Op zekere dag vroeg de werkgever: "Ga met me mee in de auto, ik wil je werk aanbieden, wat je voor me doen kunt als ik weg ben. Mijn vrouw en ik gaan een lange tijd op vakantie en ik wilde je vragen of jij intussen een nieuw huis voor mij wilt bouwen." Ze reden een stukje weg vanaf de eigenaar zijn huis en hielden stil op een mooi gedeelte van de boerderij. "Luister Jan," zei de man, terwijl hij een grote tekening uit zijn zak haalde, "hier heb ik het bouwplan van het huis. Zie je deze prachtige dure gele sierstenen, deze mooie planken voor de vloeren en deze dure kozijnen en deuren? Wel, dit is alles voor het huis. Ik wil het graag op zijn best gebouwd. Het moet een modelhuis worden. Zou jij dat voor me kunnen bouwen in de tijd dat ik weg ben? Ik zal je goed betalen?"

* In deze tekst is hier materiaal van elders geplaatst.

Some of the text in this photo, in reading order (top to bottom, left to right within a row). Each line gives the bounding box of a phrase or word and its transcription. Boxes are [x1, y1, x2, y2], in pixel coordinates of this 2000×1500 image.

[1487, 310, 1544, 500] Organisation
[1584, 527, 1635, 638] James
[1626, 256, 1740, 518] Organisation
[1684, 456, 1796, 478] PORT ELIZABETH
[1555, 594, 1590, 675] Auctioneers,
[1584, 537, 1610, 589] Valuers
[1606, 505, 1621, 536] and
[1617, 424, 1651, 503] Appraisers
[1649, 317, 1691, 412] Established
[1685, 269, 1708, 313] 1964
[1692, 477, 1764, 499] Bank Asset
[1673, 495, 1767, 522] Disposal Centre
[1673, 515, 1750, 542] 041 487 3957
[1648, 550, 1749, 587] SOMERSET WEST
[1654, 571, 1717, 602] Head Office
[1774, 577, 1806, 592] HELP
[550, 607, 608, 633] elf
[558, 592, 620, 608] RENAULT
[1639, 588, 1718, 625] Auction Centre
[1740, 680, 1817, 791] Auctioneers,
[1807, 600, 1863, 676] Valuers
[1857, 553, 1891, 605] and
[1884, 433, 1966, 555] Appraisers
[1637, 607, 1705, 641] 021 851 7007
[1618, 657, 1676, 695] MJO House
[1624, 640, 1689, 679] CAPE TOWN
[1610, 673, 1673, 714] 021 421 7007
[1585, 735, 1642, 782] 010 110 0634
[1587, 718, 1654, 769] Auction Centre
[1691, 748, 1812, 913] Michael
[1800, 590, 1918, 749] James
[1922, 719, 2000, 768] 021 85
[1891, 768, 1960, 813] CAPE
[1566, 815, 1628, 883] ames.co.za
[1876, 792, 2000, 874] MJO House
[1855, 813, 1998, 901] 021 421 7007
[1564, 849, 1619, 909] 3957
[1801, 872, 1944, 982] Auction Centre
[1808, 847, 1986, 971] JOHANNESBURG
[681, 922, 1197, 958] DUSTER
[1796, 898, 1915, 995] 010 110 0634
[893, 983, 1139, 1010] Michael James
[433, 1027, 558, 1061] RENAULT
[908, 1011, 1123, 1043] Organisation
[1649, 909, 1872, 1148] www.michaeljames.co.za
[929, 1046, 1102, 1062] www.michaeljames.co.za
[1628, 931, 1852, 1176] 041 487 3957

"Natuurlijk meneer," sprak Jan, "u weet dat ik een vakman ben. U bent altijd zo goed voor Marie en mij geweest. Dat komt best in orde. Ik zal mijn uiterste best voor u doen." Maar in zijn hart had Jan al lang een ander besluit gemaakt. Toen de man weg was, zei hij tegen zichzelf: "Als die oude kerel zich nog nooit in de vingers gesneden heeft, dan zal hij dat nu doen. Ik zal al die dure bouwmaterialen verkopen voor veel geld. Dan zal ik oude, tweedehandse materialen opkopen, tweedehandse deuren en kozijnen en oude vloerplanken kopen voor dit huis. Als ik die goed opschuur en er overheen verf, zal hij er niet zomaar achterkomen. Voor deze dure stenen krijg ik flink wat geld en dan koop ik oude, goedkope, ruwe stenen, die ik dicht zal smeren met specie. Daar komt hij voorlopig niet achter. Dan heb ik lekker veel geld om drank te kopen en feest te vieren en als hij terugkomt en mij betaald heeft, verhuis ik dadelijk en moet hij maar zien hoe hij het redt met zijn bij elkaar geraapte huis."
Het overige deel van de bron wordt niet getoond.